## Required action
Write out the listing below in its entirety, minus the pictures, without changing a word.
Records for this task Block Start
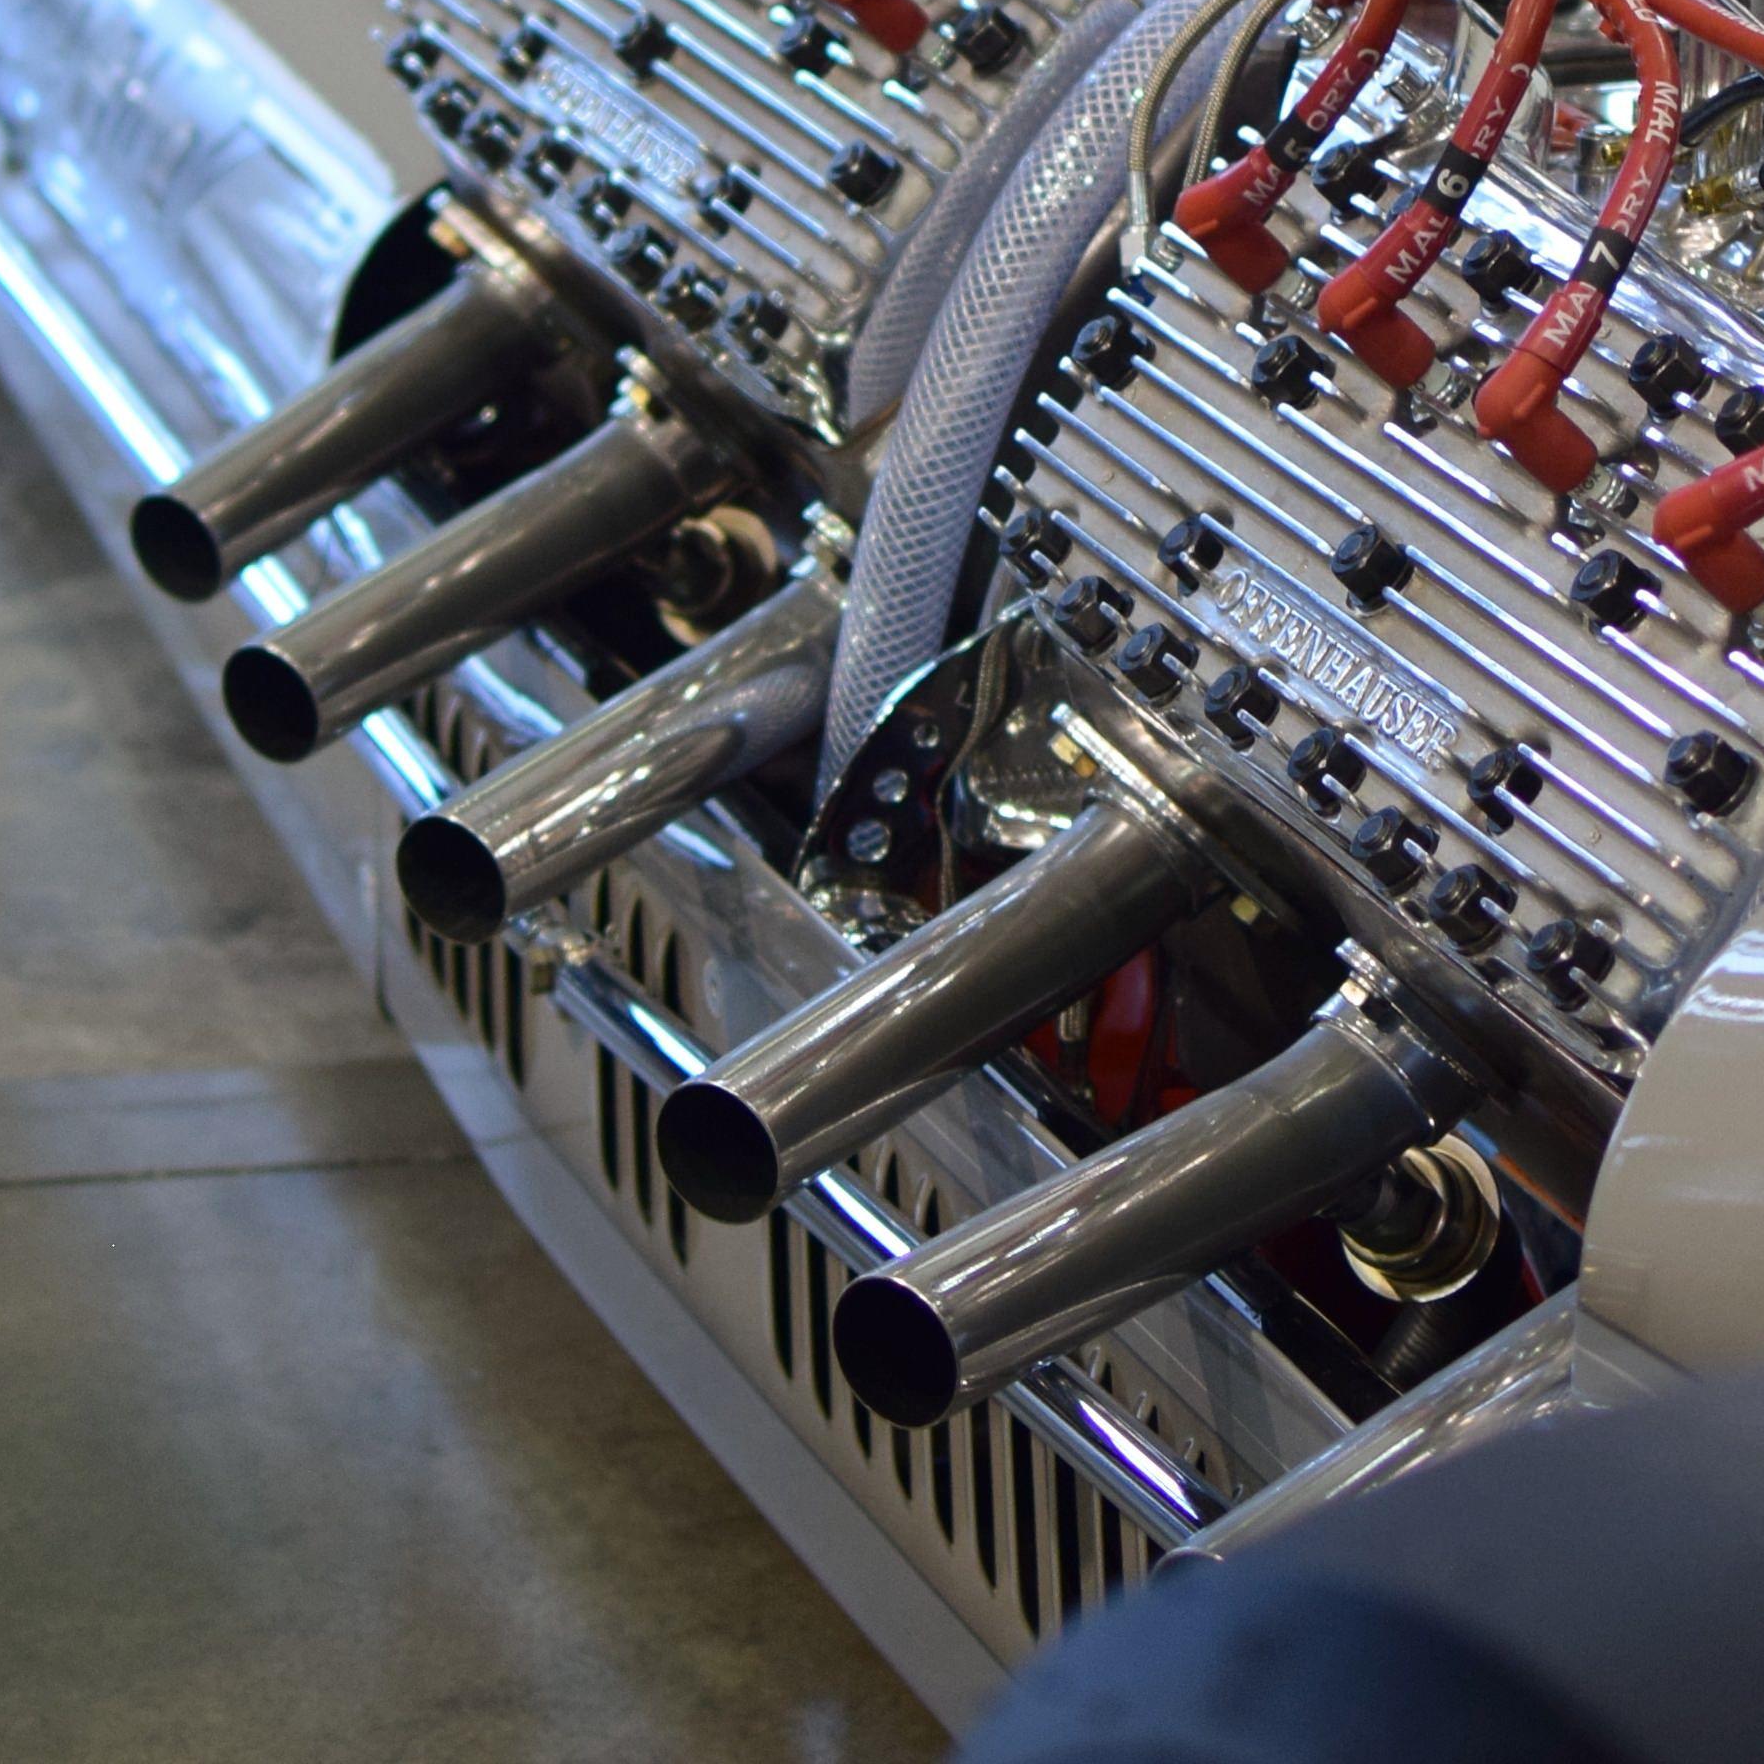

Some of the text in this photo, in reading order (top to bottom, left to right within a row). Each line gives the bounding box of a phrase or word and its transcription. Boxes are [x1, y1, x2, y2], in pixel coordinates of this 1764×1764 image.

[1436, 167, 1470, 199] 6
[1588, 239, 1621, 272] 7
[1215, 569, 1458, 773] OFFENHAUSER
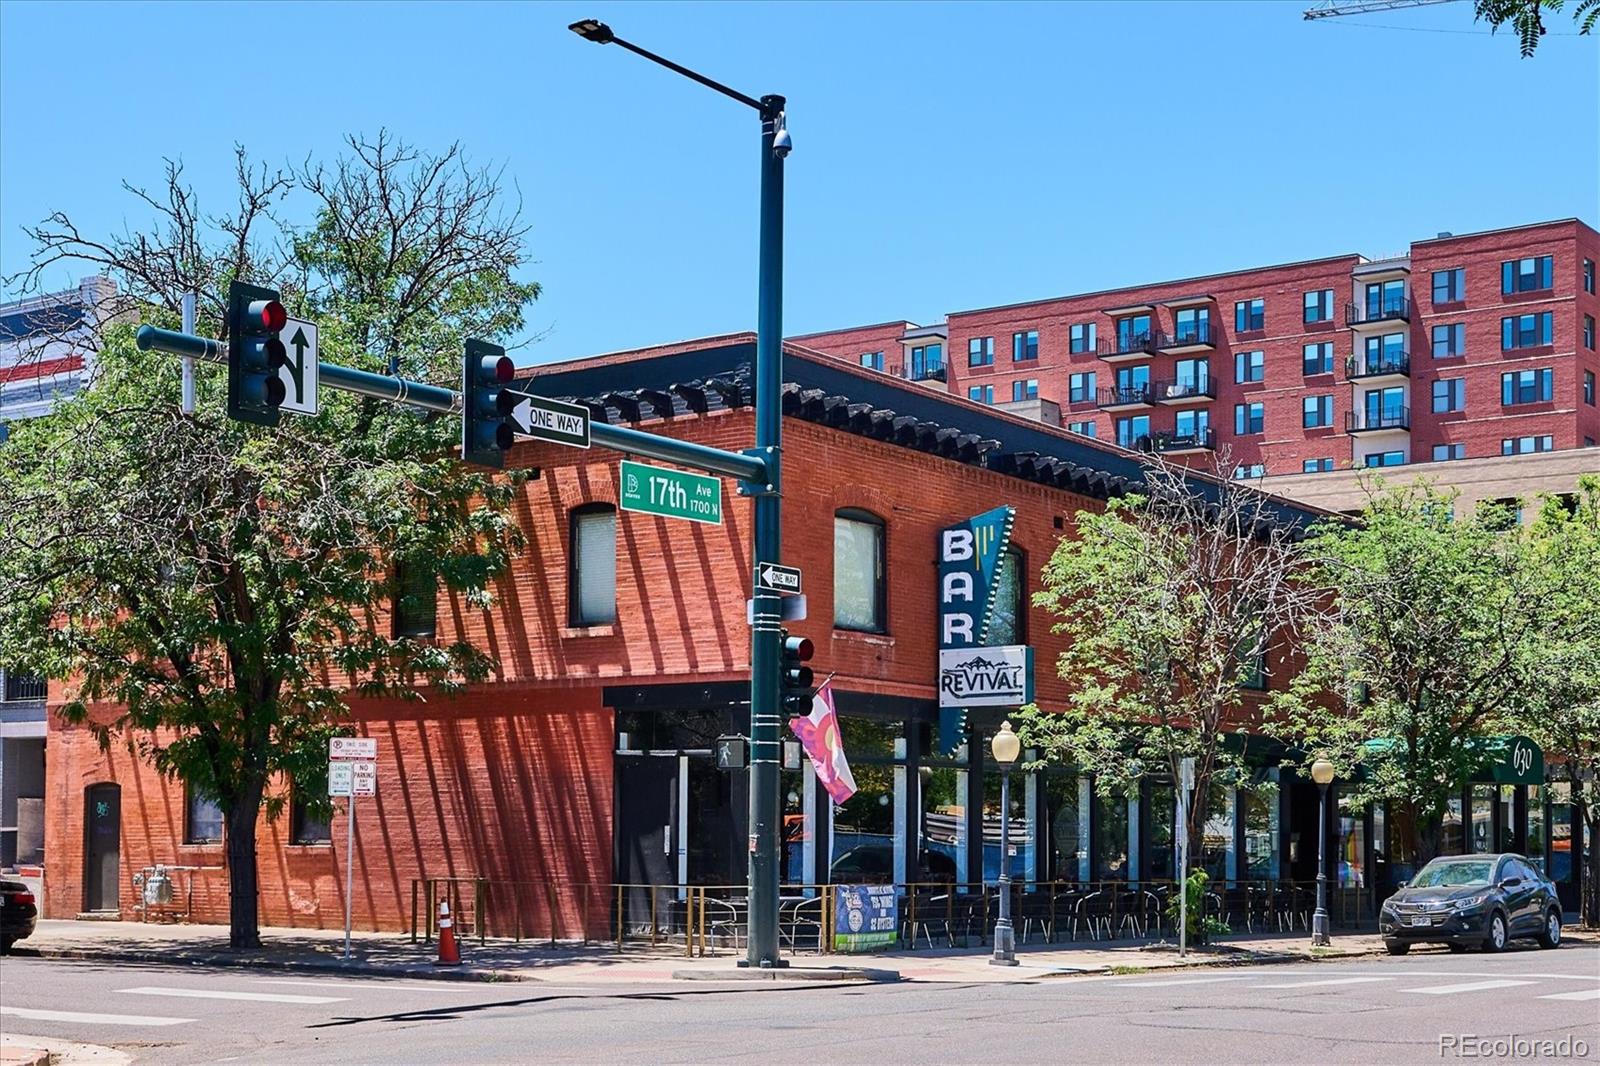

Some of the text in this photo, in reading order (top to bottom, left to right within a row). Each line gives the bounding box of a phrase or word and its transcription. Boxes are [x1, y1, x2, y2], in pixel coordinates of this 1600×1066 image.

[530, 410, 581, 433] ONE WAY
[649, 476, 686, 510] 17th
[696, 483, 712, 498] Ave
[690, 500, 718, 516] 1700 N
[771, 572, 783, 583] ONE
[943, 529, 974, 644] BAR
[1513, 740, 1533, 776] 630
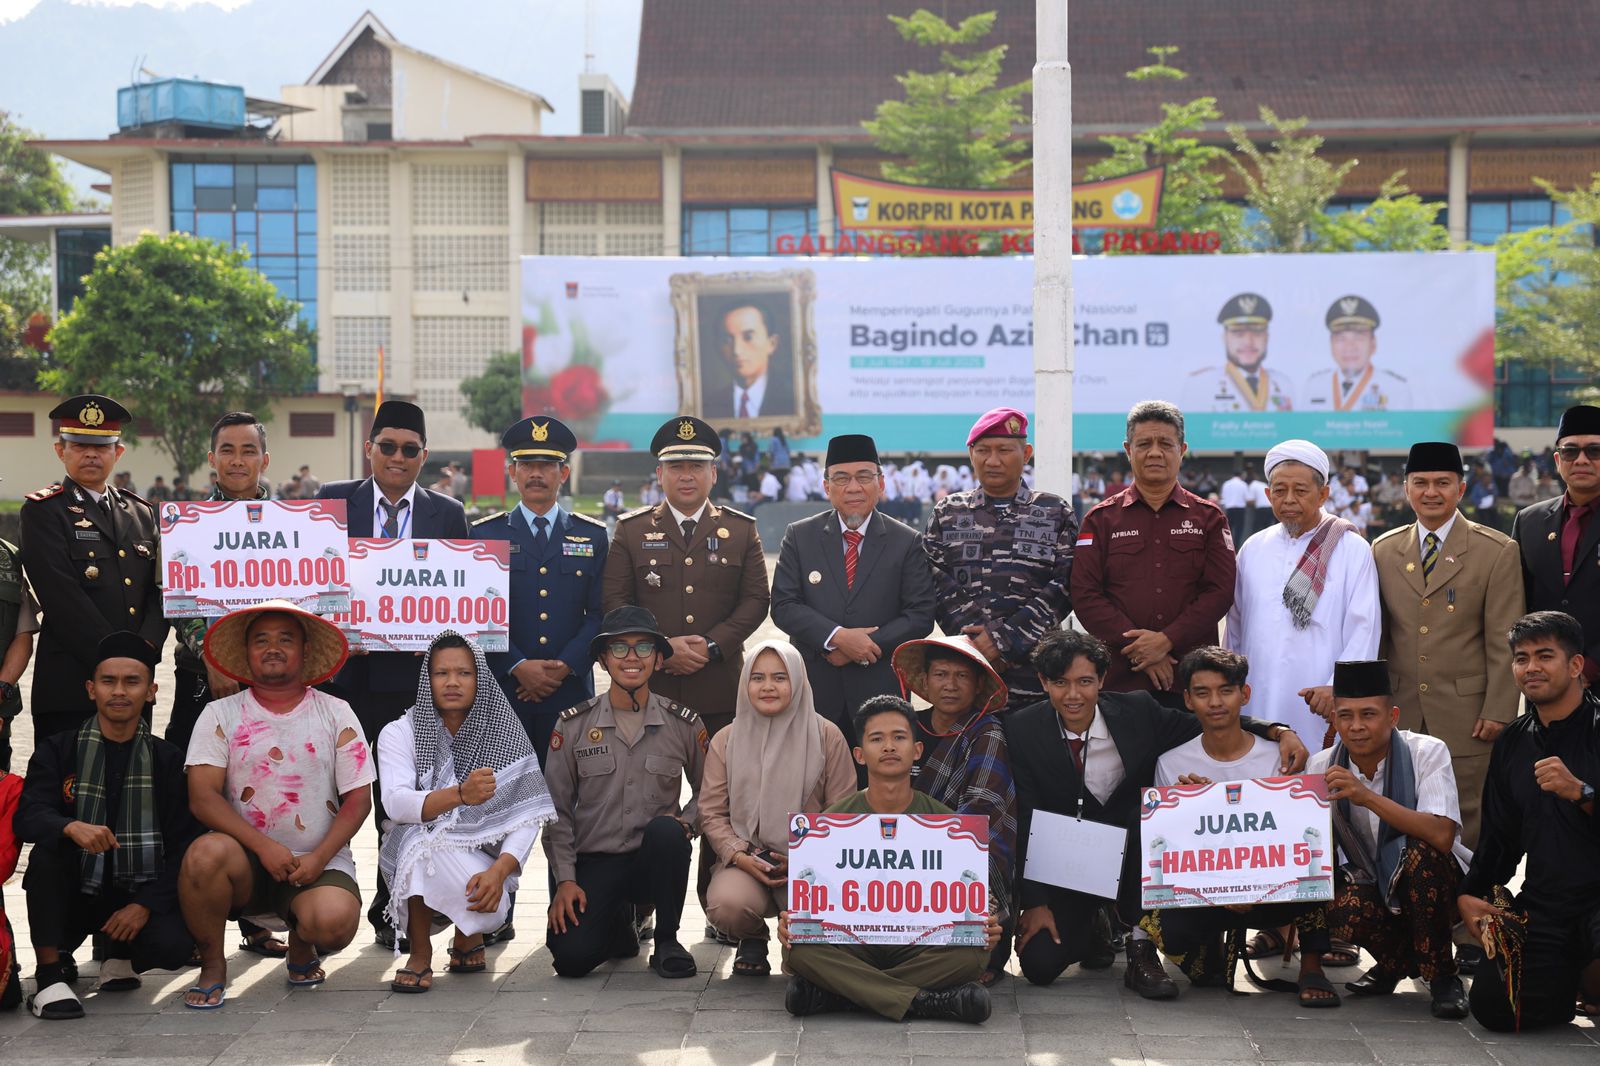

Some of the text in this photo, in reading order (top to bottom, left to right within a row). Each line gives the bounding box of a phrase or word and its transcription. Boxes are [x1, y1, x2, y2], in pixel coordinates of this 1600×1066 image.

[878, 202, 1103, 220] KORPRI KOTA PNG
[776, 233, 979, 254] GALANGGANG
[1104, 231, 1221, 252] PADANG
[850, 303, 940, 316] Memperingati
[944, 304, 1008, 316] Gugurnya
[1080, 303, 1137, 315] Nasional
[851, 322, 978, 351] Bagindo
[987, 322, 1034, 346] Azi
[213, 531, 299, 550] JUARA I
[1020, 529, 1054, 540] TNI AL
[1111, 530, 1139, 539] AFRIADI
[168, 557, 345, 591] Rp. 10.000.000
[376, 569, 465, 587] JUARA II
[226, 598, 252, 606] NAPAK
[378, 595, 506, 624] 8.000.000
[388, 633, 413, 641] NAPAK
[576, 745, 608, 758] ZULKIFLI
[1194, 811, 1277, 836] JUARA
[836, 848, 943, 870] JUARA III
[1162, 843, 1311, 874] HARAPAN 5
[793, 879, 986, 914] Rp. 6.000.000
[1202, 885, 1229, 894] NAPAK
[1230, 884, 1252, 892] TILAS
[853, 924, 881, 932] NAPAK
[882, 924, 905, 932] TILAS
[963, 936, 986, 944] CHAN
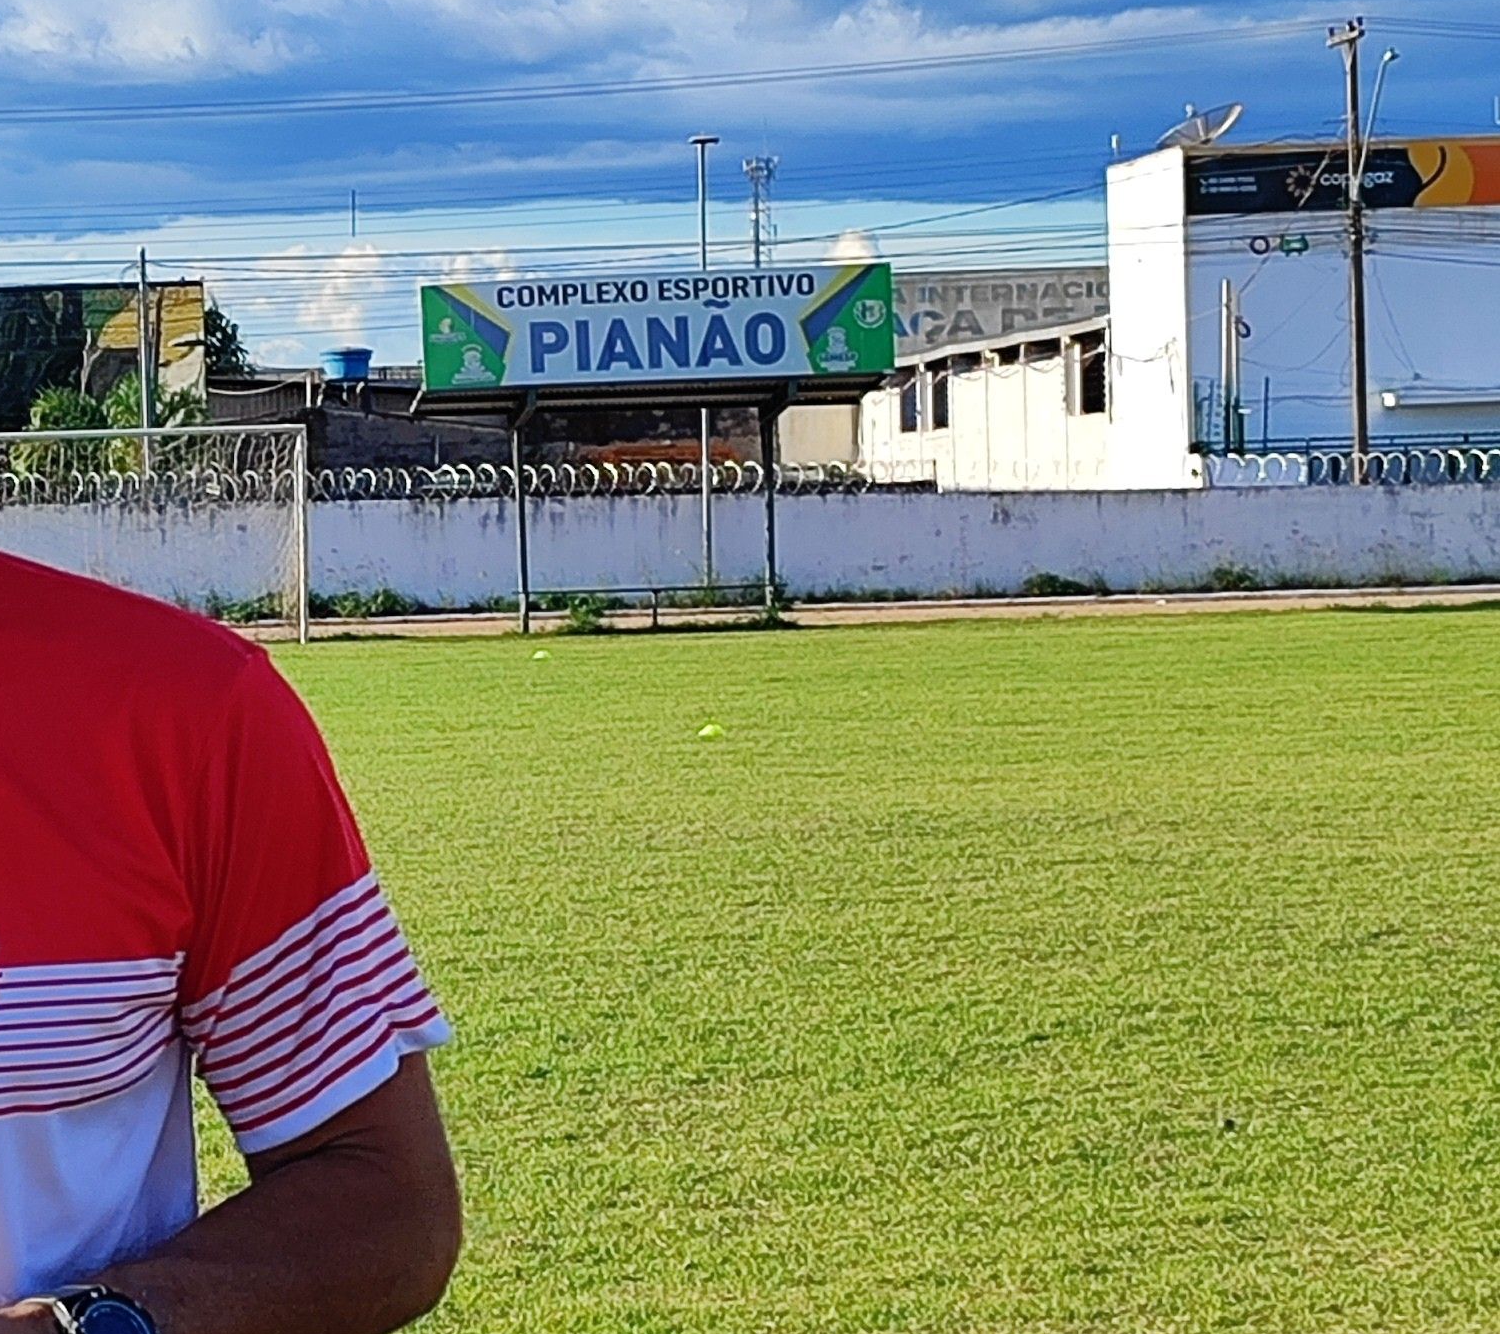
Records for this task Block End
## Response
Some of the text in this photo, in reading order (top to bottom, left to right within a row). Each line gives the bounding box of a phrase or word and its transcription. Boxes are [x1, y1, x2, y2], in pixel coordinates of this 1764×1764 image.

[1436, 167, 1470, 199] 6
[1588, 239, 1621, 272] 7
[1215, 569, 1458, 773] OFFENHAUSER

Some of the text in this photo, in reading order (top to bottom, left to right within a row). Each line gives the bounding box of a phrase or word and its transcription. Boxes are [x1, y1, x2, y2], in pixel coordinates of this 1600×1066 image.

[530, 410, 581, 433] ONE WAY
[649, 476, 686, 510] 17th
[696, 483, 712, 498] Ave
[690, 500, 718, 516] 1700 N
[771, 572, 783, 583] ONE
[943, 529, 974, 644] BAR
[1513, 740, 1533, 776] 630

Some of the text in this photo, in reading order (top to bottom, left to right within a row). Each line gives the bounding box of a phrase or word and its transcription. Boxes are [x1, y1, x2, y2], in pixel coordinates of this 1600×1066 image.

[878, 202, 1103, 220] KORPRI KOTA PNG
[776, 233, 979, 254] GALANGGANG
[1104, 231, 1221, 252] PADANG
[850, 303, 940, 316] Memperingati
[944, 304, 1008, 316] Gugurnya
[1080, 303, 1137, 315] Nasional
[851, 322, 978, 351] Bagindo
[987, 322, 1034, 346] Azi
[213, 531, 299, 550] JUARA I
[1020, 529, 1054, 540] TNI AL
[1111, 530, 1139, 539] AFRIADI
[168, 557, 345, 591] Rp. 10.000.000
[376, 569, 465, 587] JUARA II
[226, 598, 252, 606] NAPAK
[378, 595, 506, 624] 8.000.000
[388, 633, 413, 641] NAPAK
[576, 745, 608, 758] ZULKIFLI
[1194, 811, 1277, 836] JUARA
[836, 848, 943, 870] JUARA III
[1162, 843, 1311, 874] HARAPAN 5
[793, 879, 986, 914] Rp. 6.000.000
[1202, 885, 1229, 894] NAPAK
[1230, 884, 1252, 892] TILAS
[853, 924, 881, 932] NAPAK
[882, 924, 905, 932] TILAS
[963, 936, 986, 944] CHAN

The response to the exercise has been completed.